La obesidad es una condición medica crónica y un problema de Salud Pública cada vez más prevalente en los países desarrollados, pero ¿podemos considerarlo una enfermedad?  En una reciente reunión de la AMA American Medical Association se ha reconocido, por votación entre sus miembros, a la obesidad como una enfermedad, en contra de un informe encargado a un grupo de expertos.
Argumentos en contra de considerarla una enfermedad serian que el exceso de peso incrementa el riesgo de enfermedad (diabetes tipo II, enfermedad coronaria, ictus, hipertensión, dislipemia, algunos cánceres, artrosis, asma, lumbago, apnea obstructiva del sueño, depresión y otras) y muerte pero no en todos los casos. Además esta relación difiere según el sexo, la edad, la etnia y el nivel socioeconómico. De repente un tercio de los americanos se van a convertir en enfermos, lo que puede incrementar su discriminación social (o disminuirla según otras opiniones).

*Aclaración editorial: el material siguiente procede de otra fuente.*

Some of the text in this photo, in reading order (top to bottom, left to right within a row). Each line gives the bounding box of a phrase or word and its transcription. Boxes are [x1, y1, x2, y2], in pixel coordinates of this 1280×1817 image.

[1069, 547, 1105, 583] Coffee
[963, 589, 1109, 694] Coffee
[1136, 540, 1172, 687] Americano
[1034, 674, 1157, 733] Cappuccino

Los partidarios de considerarla una enfermedad argumentan que la obesidad es consecuencia de una conjunción de factores genéticos, de comportamiento alimentario, de factores ambientales del entorno, que afectan al normal funcionamiento de nuestro cuerpo. Las consecuencias en la salud y los costes sanitarios que conlleva la obesidad son bien conocidos, y opinan que si se considera una enfermedad el acceso a los tratamientos disponibles va a ser más fácil (no olvidar que en USA el acceso a la sanidad no es universal). También se aumentaría la implicación de los médicos en su abordaje.
 

El uso del cálculo del Índice de Masa Corporal IMC, es una forma indirecta e imperfecta de medir la obesidad, aunque más precisa que solo medir el peso, y es recomendando por la Organización Mundial de la Salud OMS y otras organizaciones sanitarias. Su medida originalmente diseñada para su uso como indicador poblacional de obesidad,  se ha recomendado ampliamente para su uso en la práctica clínica diaria como un cribado barato para ayudar a valorar en riesgo de enfermedad, junto con la toma de la tensión arterial y la medida de lípidos en sangre.

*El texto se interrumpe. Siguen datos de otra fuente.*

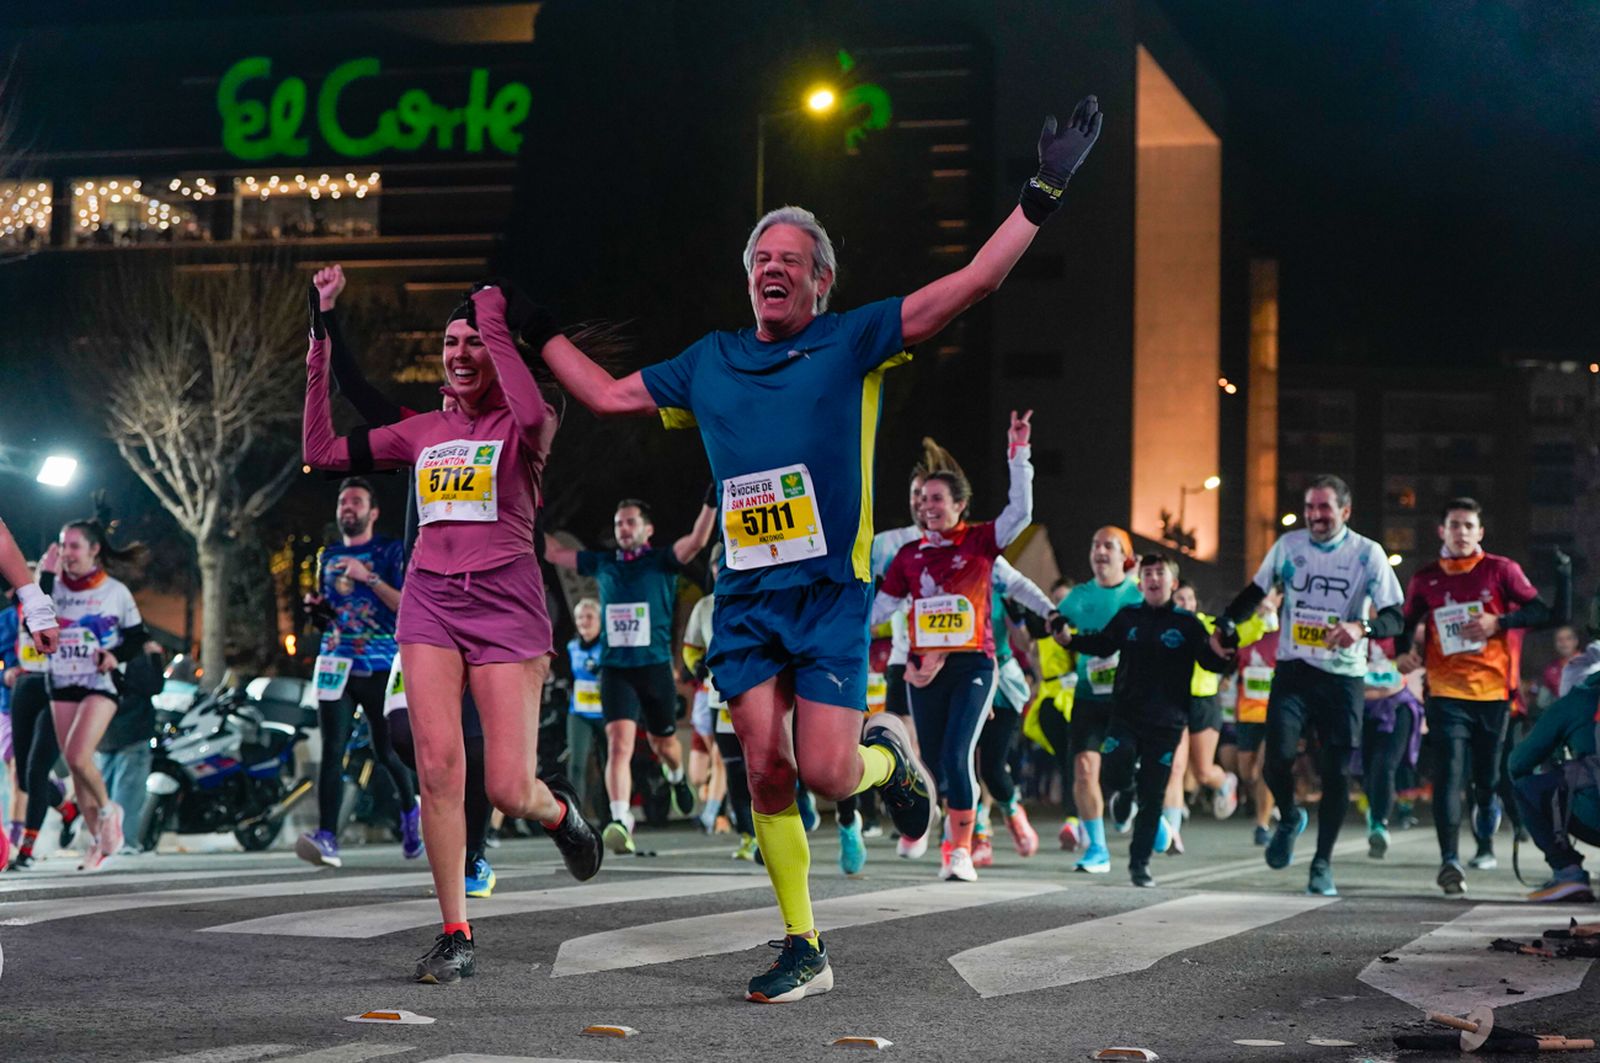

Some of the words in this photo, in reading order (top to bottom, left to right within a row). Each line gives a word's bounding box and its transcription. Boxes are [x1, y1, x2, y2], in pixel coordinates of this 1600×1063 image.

[218, 57, 308, 160] El
[317, 57, 533, 156] Corte
[430, 466, 475, 492] 5712
[738, 484, 760, 496] NOCHE
[762, 481, 773, 491] DE
[732, 498, 744, 510] SAN
[742, 502, 794, 536] 5711
[928, 613, 963, 629] 2275
[60, 645, 88, 660] 5742

Muchos factores hay que tener en cuenta en esta decisión de la AMA, el primero es la medicalización que va a suponer la declaración de la obesidad como una enfermedad, otro  son los intereses de los nuevos productos farmacéuticos que se han comercializado recientemente en USA para la obesidad y los tratamientos quirúrgicos, y el tercero son los criterios que utilizamos los profesionales sanitaros para definir lo que es una enfermedad (complejos y muchas veces sujeto a condicionantes sociales, culturales, científicos y otros). A considerar también si la definición de la obesidad como una enfermedad va a mejorar los resultados en salud (podría o no podría según los expertos).